# WHAT IS EXPECTED:
Exact reproduction, images excluded: write out the records below.

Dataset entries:
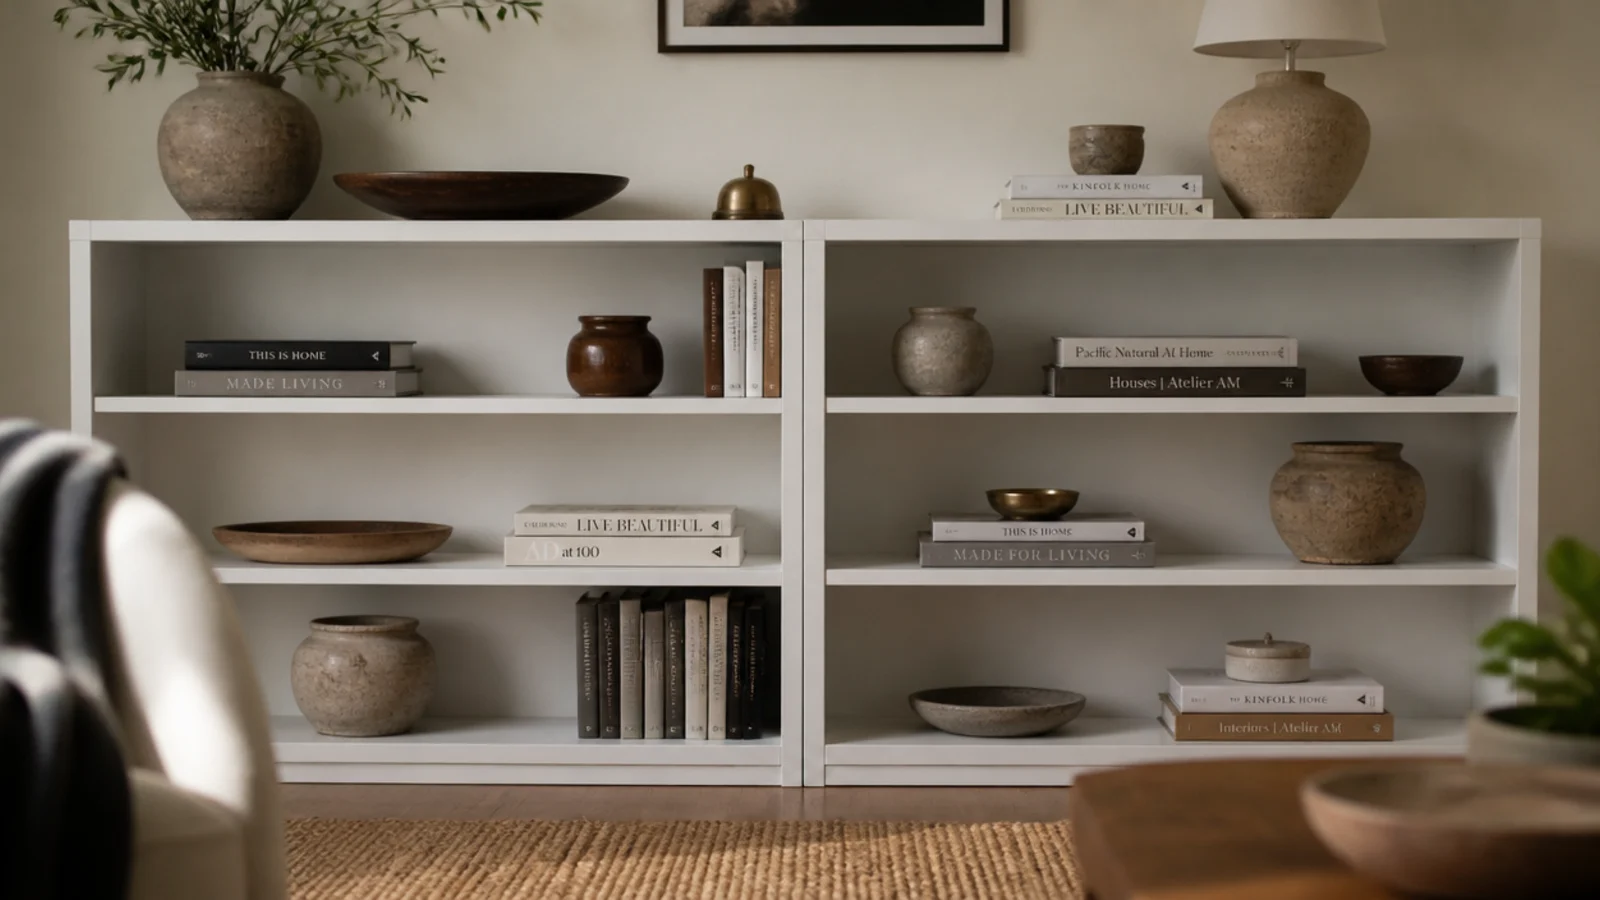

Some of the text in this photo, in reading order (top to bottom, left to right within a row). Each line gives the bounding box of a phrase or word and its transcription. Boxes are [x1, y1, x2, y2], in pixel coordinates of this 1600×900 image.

[1072, 182, 1121, 191] KINFOLK
[1065, 202, 1101, 216] LIVE
[1104, 202, 1189, 216] BEAUTIFUL
[249, 351, 276, 361] THIS
[278, 351, 289, 361] IS
[226, 377, 343, 390] MADE LIVING
[1109, 376, 1157, 389] Houses
[1167, 376, 1214, 389] Atelier
[1216, 376, 1241, 389] AM
[576, 518, 613, 533] LIVE
[616, 518, 703, 533] BEAUTIFUL
[1002, 527, 1026, 537] THIS
[1028, 527, 1039, 537] IS
[524, 540, 600, 561] AD at 100
[953, 548, 1110, 561] MADE FOR LIVING
[1244, 695, 1297, 704] KINFOLK
[1218, 722, 1270, 734] Interiors

# ANSWER BELOW:
Some of the text in this photo, in reading order (top to bottom, left to right within a row). Each line gives the bounding box of a phrase or word and its transcription. Boxes are [x1, y1, x2, y2], in pixel coordinates of this 1600×900 image.

[1072, 182, 1121, 191] KINFOLK
[1065, 202, 1101, 216] LIVE
[1104, 202, 1189, 216] BEAUTIFUL
[249, 351, 276, 361] THIS
[278, 351, 289, 361] IS
[226, 377, 343, 390] MADE LIVING
[1109, 376, 1157, 389] Houses
[1167, 376, 1214, 389] Atelier
[1216, 376, 1241, 389] AM
[576, 518, 613, 533] LIVE
[616, 518, 703, 533] BEAUTIFUL
[1002, 527, 1026, 537] THIS
[1028, 527, 1039, 537] IS
[524, 540, 600, 561] AD at 100
[953, 548, 1110, 561] MADE FOR LIVING
[1244, 695, 1297, 704] KINFOLK
[1218, 722, 1270, 734] Interiors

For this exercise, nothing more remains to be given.